After a hearty lunch at the Inn we walked all over town and discovered that arts and culture are a main feature in the daily life of Berkeley Springs, from publicly displayed arts in gardens and on sideways and walls, to galleries and studios. Berkeley Springs, as an art town began to flourish in 1977 when the Morgan Arts Council (MAC) was established, now located in the Ice House, a former 40,000 square foot apple cold storage building that now has been turned into a community art center. All this has earned Berkeley Springs state, regional and national recognition. It is West Virginia’s first certified arts community, is listed among the 100 best small art towns, and places among the top 10 art destinations among small cities and towns in America. www.macicehouse.org
By sheer luck we walked into the open door of the Rocks-N-Glass gallery where we got to meet Khosrow Javid, a man from Persia who made Berkeley Springs his home a long time ago. He expresses himself through his works of art in his hand-painted wine glasses, vases and other unique glassware, and he also paints rocks. His middle eastern inspired patterns seem to be calculated and congruent with color and space, riddles on glass. We are grateful to Mr. Javid for allowing us to enter his world and for the advice of where to hop off the beaten path. www.rocks-n-glass.com.
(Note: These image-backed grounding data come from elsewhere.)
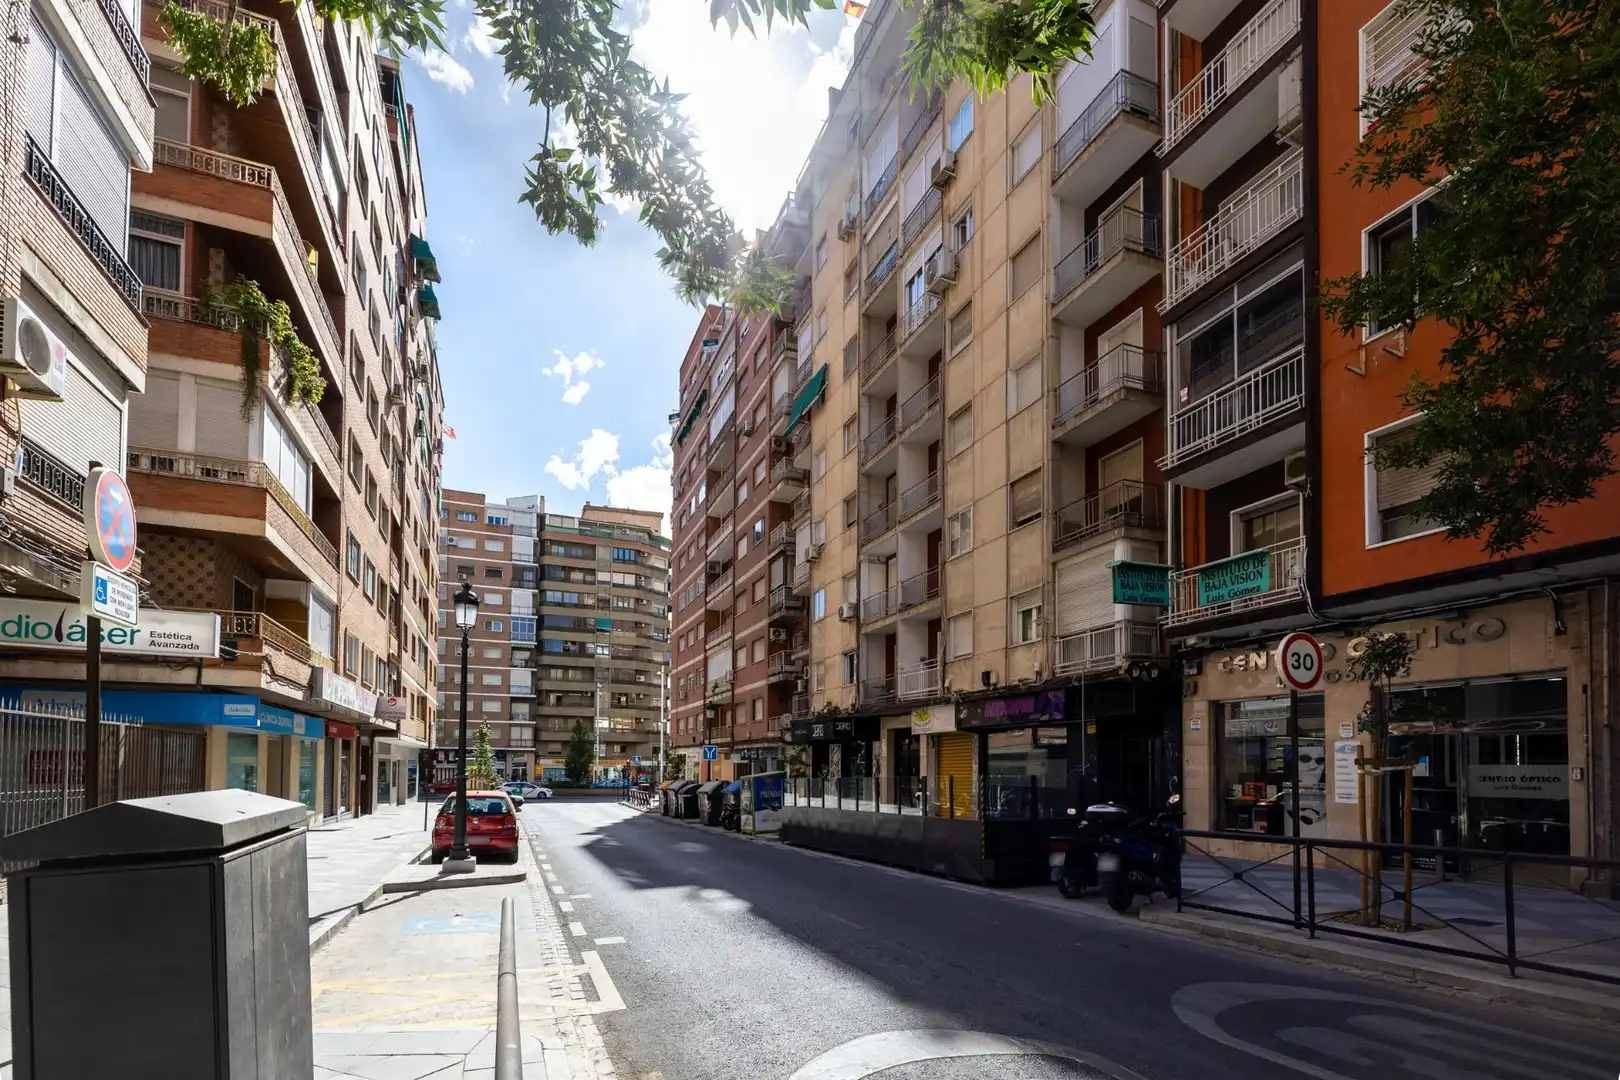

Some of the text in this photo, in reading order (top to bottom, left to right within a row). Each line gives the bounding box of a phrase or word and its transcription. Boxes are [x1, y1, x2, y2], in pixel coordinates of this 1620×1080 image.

[1201, 555, 1267, 582] INSTITUTO DE
[1120, 579, 1139, 591] BAJA
[1204, 578, 1228, 592] BAJA
[1206, 585, 1261, 603] Luis Gómez
[149, 630, 192, 641] Estética
[149, 640, 200, 650] Avanzada
[1291, 651, 1314, 671] 30
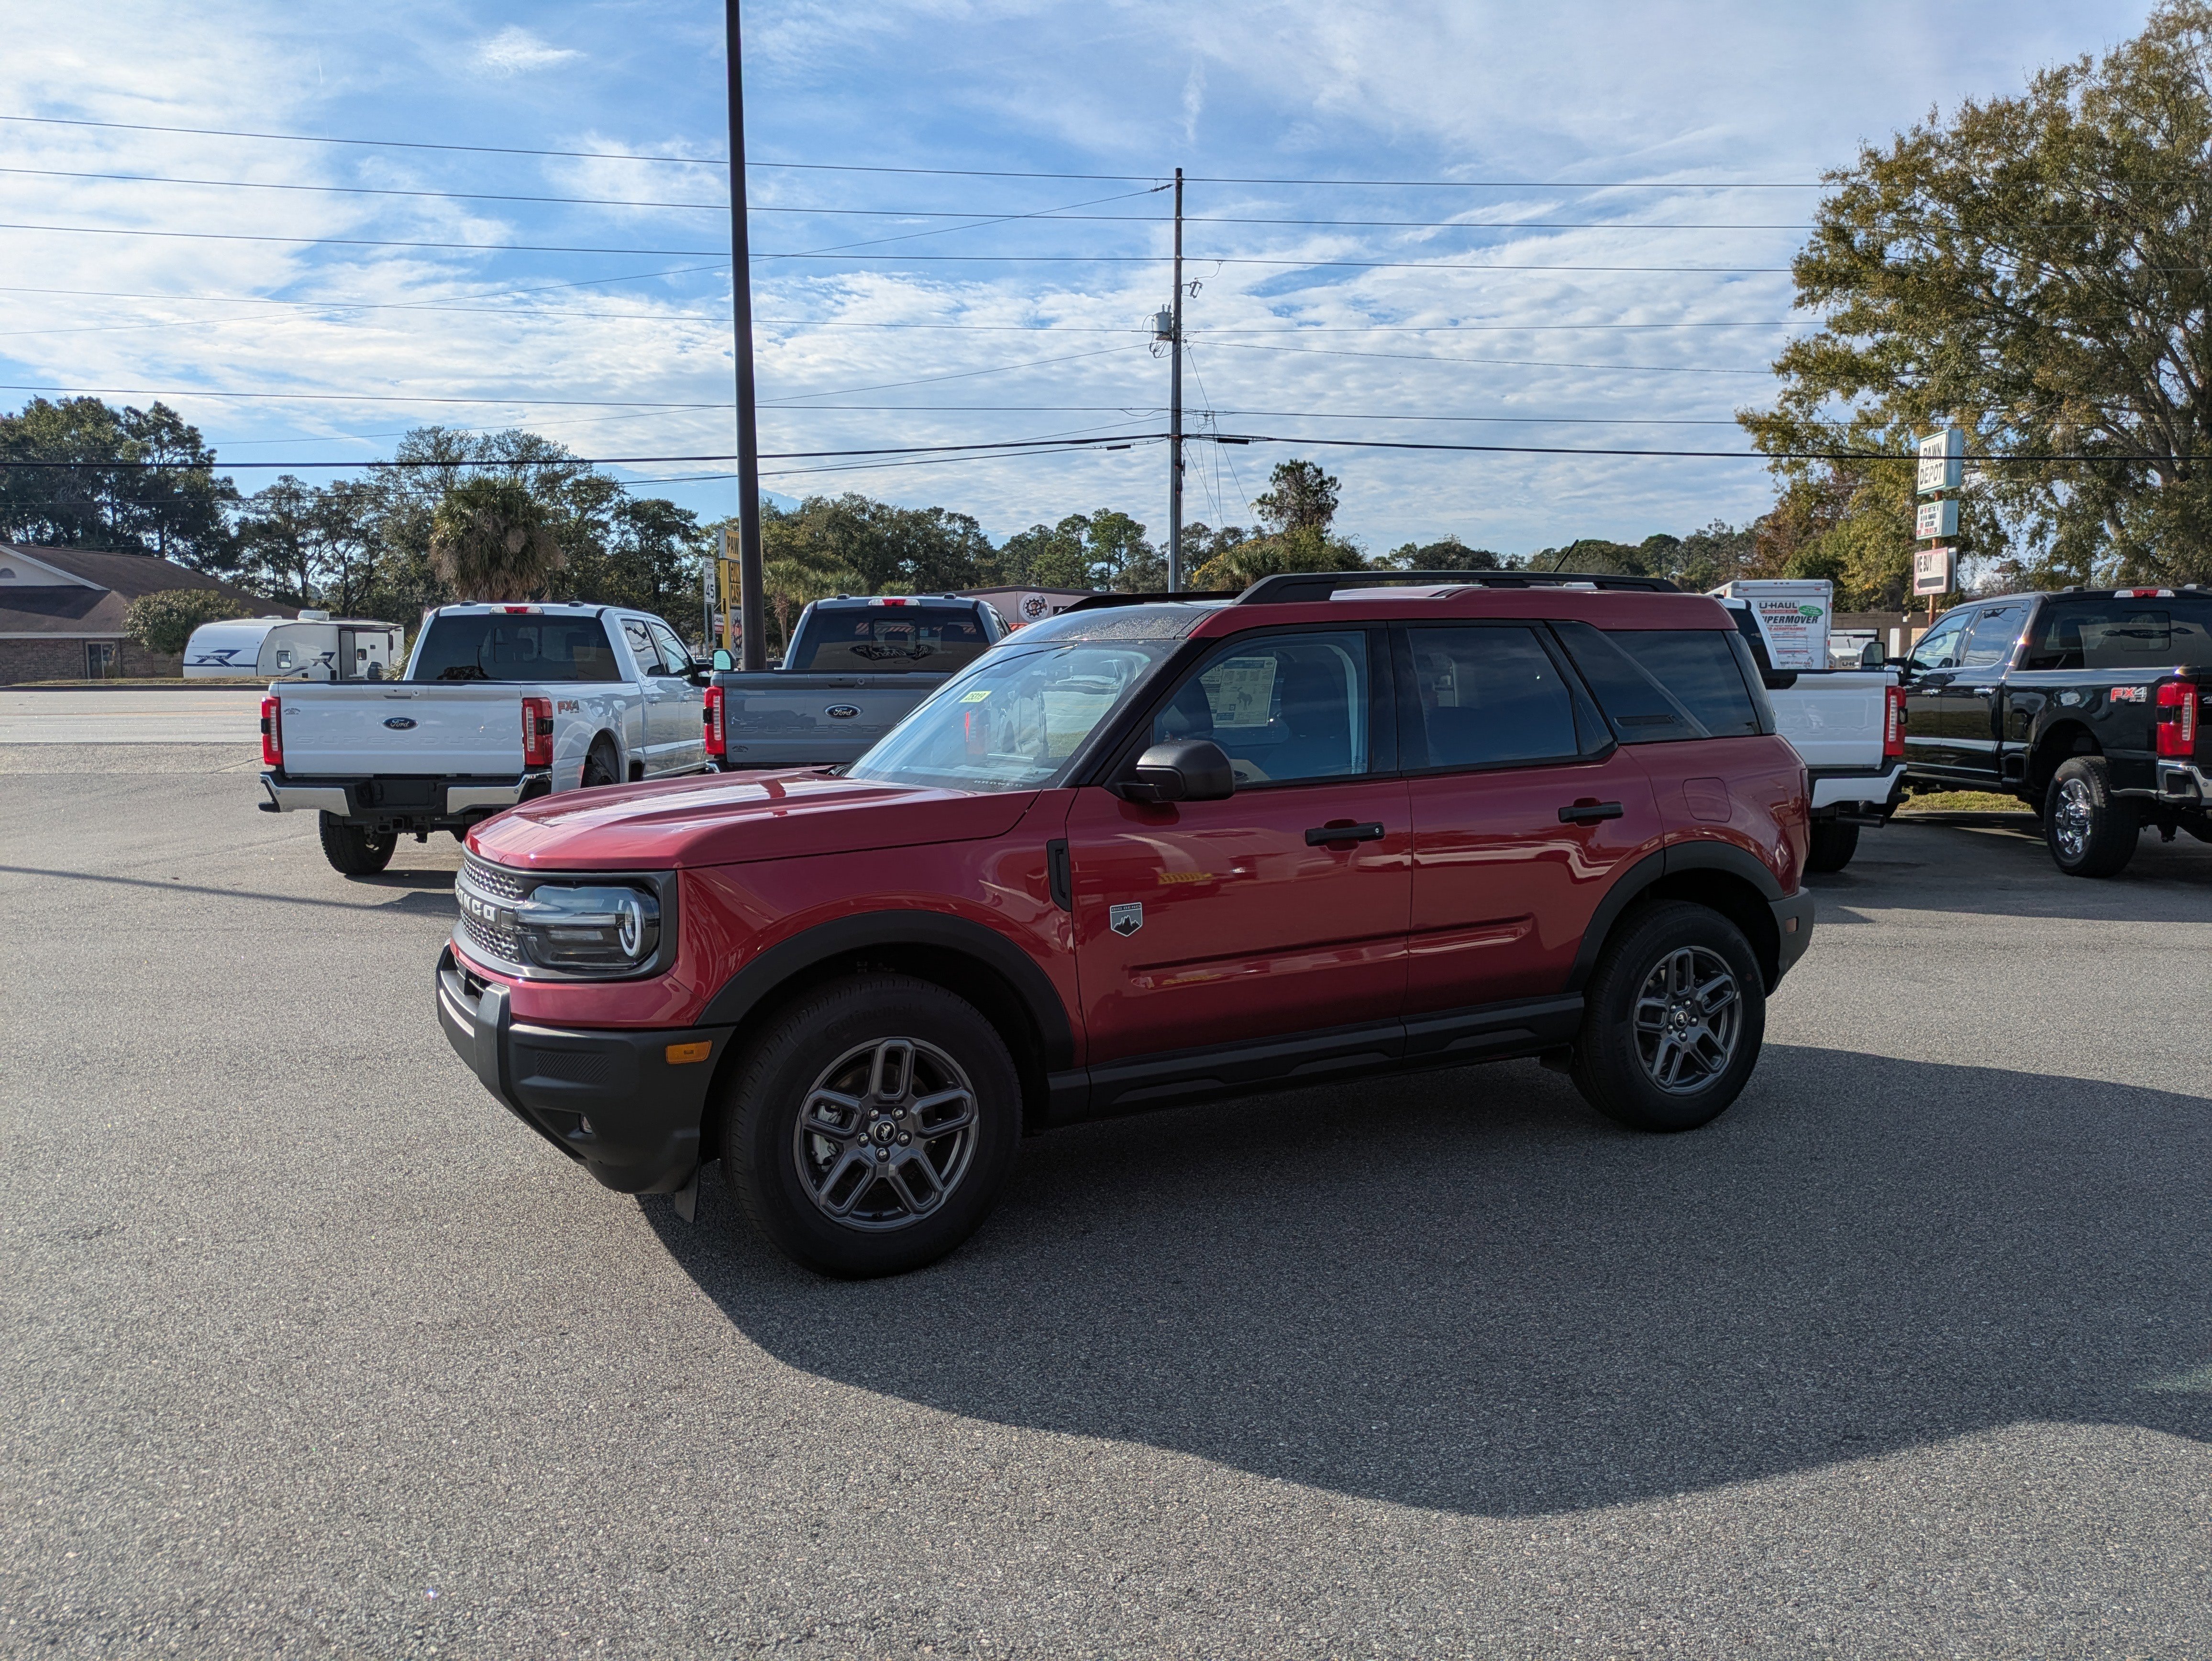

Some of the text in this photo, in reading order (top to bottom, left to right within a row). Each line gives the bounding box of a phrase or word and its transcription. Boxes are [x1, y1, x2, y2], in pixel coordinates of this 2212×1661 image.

[1922, 442, 1942, 465] PAWN
[1920, 462, 1943, 485] DEPOT
[727, 535, 739, 554] PAW
[1916, 554, 1933, 573] WE BUY
[706, 584, 715, 599] 45
[1762, 616, 1819, 624] UPERMOVER
[2110, 687, 2147, 702] FX4
[557, 700, 579, 714] FX4
[833, 708, 852, 716] Ford
[390, 719, 409, 728] Ford
[296, 736, 509, 745] SUPER DUTY
[455, 878, 497, 922] ONCO
We had one more dinner to fill in Berkeley Springs and chose the Naked Olive Lounge, a charming “speakeasy” style bar /restaurant combo with an olive oil and balsamic vinegar tasting gallery, and an interesting menu but decided to go light and ordered a couple of dinner size salads. Anyone can throw together a seared AHI tuna salad. Mine was culinary art. www.nakedolivelounge.com
Mr Javid had advised us to watch the sunset on Prospect Peak, Berkeley Springs’ panoramic overlook and then to go off the beaten path. Just a short 3 mile drive from Berkeley Springs we found a smashing overlook from where we could see three states: West Virginia, Virginia and Maryland. National Geographic Magazine rates this scene among America’s Outstanding Beauty Spots. From here we continued our journey and followed Mr Javid’s hand drawn map all the way to another scenic overlook and found it just the way he described it, challenging to get to, but worthwhile. From there we drove down to the river below where local kids were swimming. Here, all the way in the middle of nowhere and us feeling a little lost, we met Kate Shunney, the editor of The Morgan Messenger, who pointed us back on the beaten path. Virginia is for Lovers, and West Virginia for adventurers!
Until next month from another interesting location.